Residents may be familiar with Las Vegas Metropolitan Police Department officers throughout the valley, but there are some lesser-known employees - the four-legged ones - that play a vital role in the organization.
The K-9 unit was this month's topic of conversation during the 1st Tuesday event July 3, which is designed to educate residents on certain sections of the department. Sam Carrillo, an officer in the K-9 unit, spoke to about 20 residents at the Downtown Area Command, 621 N. Ninth St., on the importance of having trained patrol dogs and safety precautions residents should take in various situations involving these canines.
"My main thing was to emphasize what to do (in certain situations)," Carrillo said. "We mostly wanted to relay our message about the safety of the citizens ... That was my main purpose."
Carrillo, who has worked in the department's K-9 unit for five years, brought along Radar, a Belgian m alinois, who lives and works with him around the clock. Radar is one of the department's 20 patrol dogs that work 10-hour shifts doing building, evidence or open-area searches, human remains detections and search-and-rescue missions, among other duties.
Carrillo said these canines are often used in suspect searches, which he presented as an example to residents regarding how to stay safe should they happen to experience one of these situations. Carrillo said if a suspect is hiding in a house, officers will keep their sirens and lights going to let him know they are still in the area. Residents in the area are advised to stay inside the house and bring pets in, turn out patio lights and be aware of where spare sets of keys are located.
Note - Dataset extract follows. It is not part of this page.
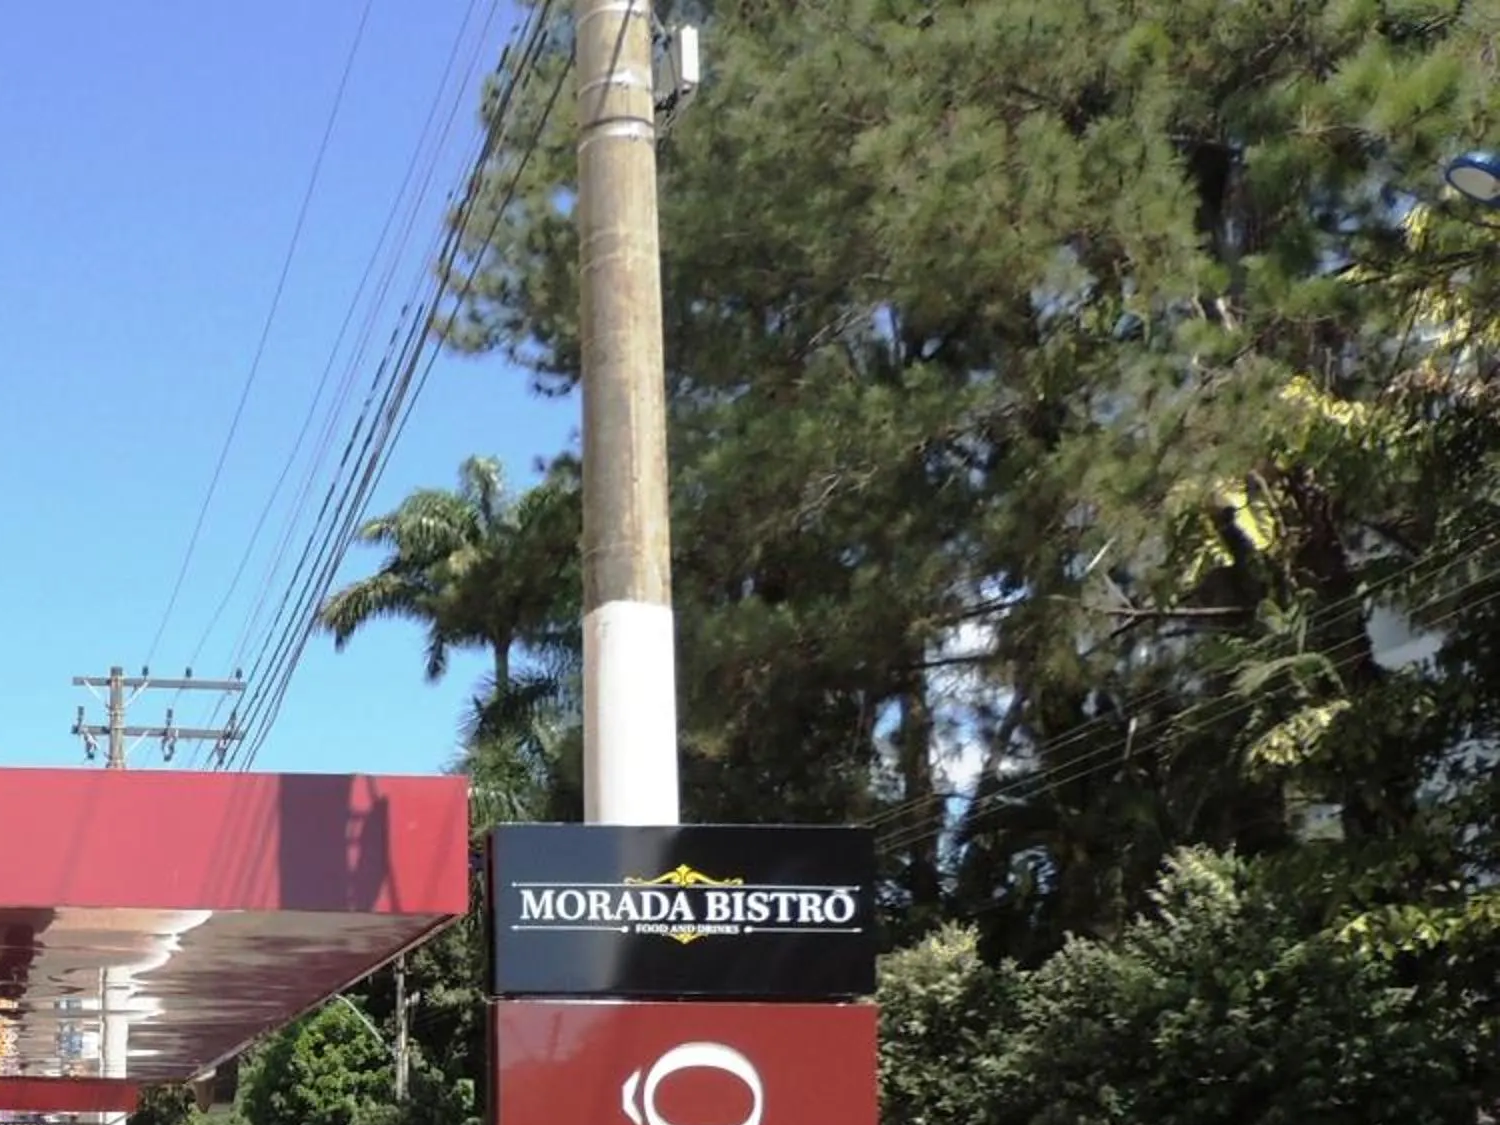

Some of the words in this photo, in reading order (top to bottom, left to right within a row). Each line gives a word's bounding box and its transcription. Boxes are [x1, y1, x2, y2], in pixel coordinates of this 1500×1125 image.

"A lot of people don't think about where their extra keys are," Carrillo said. "Know where the keys are to your back door, your front door."
Carrillo explained that in addition to patrol dogs, the unit also consists of detection dogs, 11 trained in searching for narcotics and six trained for explosive device searches. He said narcotics dogs are trained to seek out cocaine, heroin, marijuana and methamphetamine when conducting a search in a business, a residence or a car on a search warrant. In the future, he said, these dogs may be trained to detect pain medications, such as oxycodone.
Though these dogs live in the officers' residences with their families and work with them throughout the day, Carrillo said as service animals, they differ from other canines.
"They're not a pet," Carrillo said. "They're not sitting on the couch or lounging on the floor. For the most part, they're outside. Growing up, they're kept outside, and they're used to that."
Radar, in particular, came to Carrillo in 2008 from a breeder in Europe and without obedience training. Carrillo said training typically lasts three months, but to develop the canine's skills, he does a short training session with Radar regularly.
"I do training every single night with the dog, and it's always something different," Carrillo said. "It might be obedience training, search training, gunfire ... Radar also loves tennis balls, and he has to work for them. For two, three times a week, I'll throw the tennis ball with him. That way, he gets exercise and his favorite thing in the world."
Because most of these dogs come from European breeders, notably those in Germany, they understand German commands. Carrillo said Radar knows and understands only his handler's voice tones.
Carrillo said the K-9 unit is an ideal topic for the 1st Tuesday event because people are interested in how officers work with dogs on a daily basis. Las Vegas resident Doris Fortier is one of these people.
"I wanted to learn a little more about the K-9 unit and the purpose of the department," said Fortier, who often volunteers with the police department. "If I can, I like to contribute and learn about the various responsibilities of the officers so I can ask questions."